%%

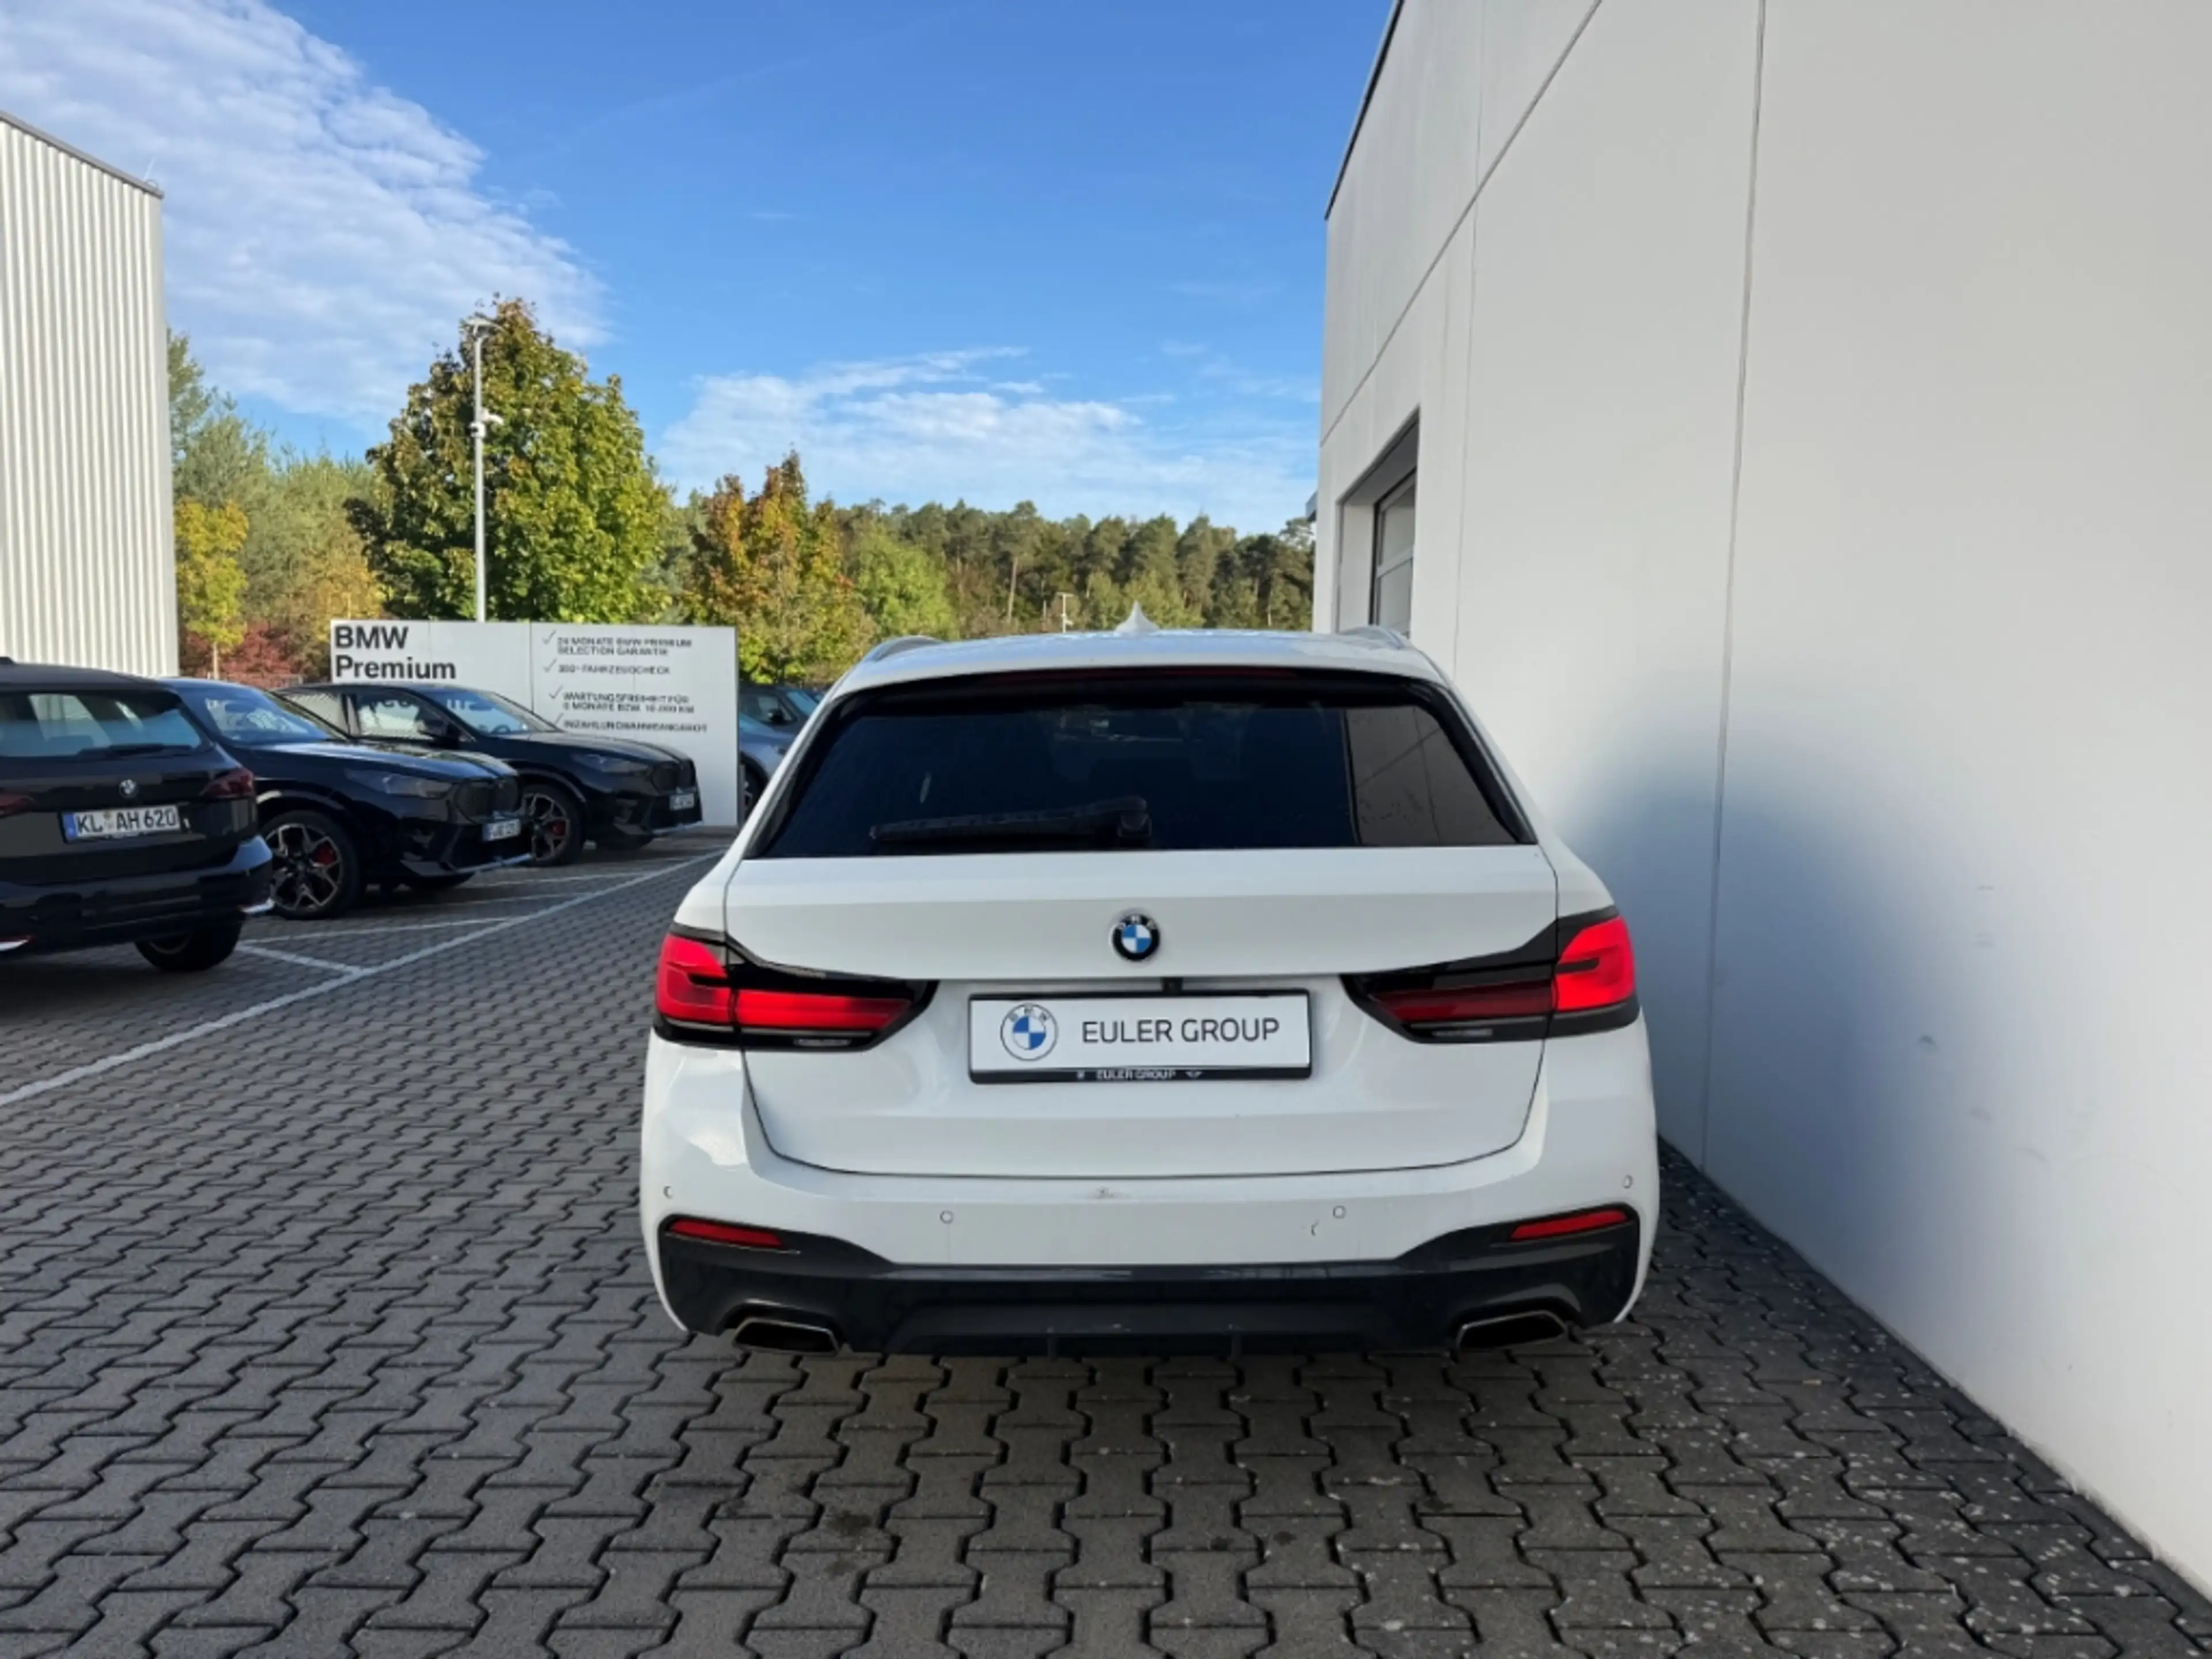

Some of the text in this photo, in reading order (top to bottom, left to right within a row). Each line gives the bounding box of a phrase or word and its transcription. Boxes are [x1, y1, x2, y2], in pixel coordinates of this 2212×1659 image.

[336, 626, 409, 649] BMW
[571, 637, 613, 645] MONATE
[558, 646, 614, 655] SELECTION
[336, 655, 456, 679] Premium
[572, 702, 615, 711] MONATE
[76, 809, 177, 834] KL AH 620
[1082, 1018, 1280, 1044] EULER GROUP
[1097, 1069, 1176, 1080] EULER GROUP

%%

What the exercise asks. Reproduce each line above exactly, but not a single picture.

Written reply.
Some of the text in this photo, in reading order (top to bottom, left to right within a row). Each line gives the bounding box of a phrase or word and its transcription. Boxes are [x1, y1, x2, y2], in pixel coordinates of this 2212×1659 image.

[336, 626, 409, 649] BMW
[571, 637, 613, 645] MONATE
[558, 646, 614, 655] SELECTION
[336, 655, 456, 679] Premium
[572, 702, 615, 711] MONATE
[76, 809, 177, 834] KL AH 620
[1082, 1018, 1280, 1044] EULER GROUP
[1097, 1069, 1176, 1080] EULER GROUP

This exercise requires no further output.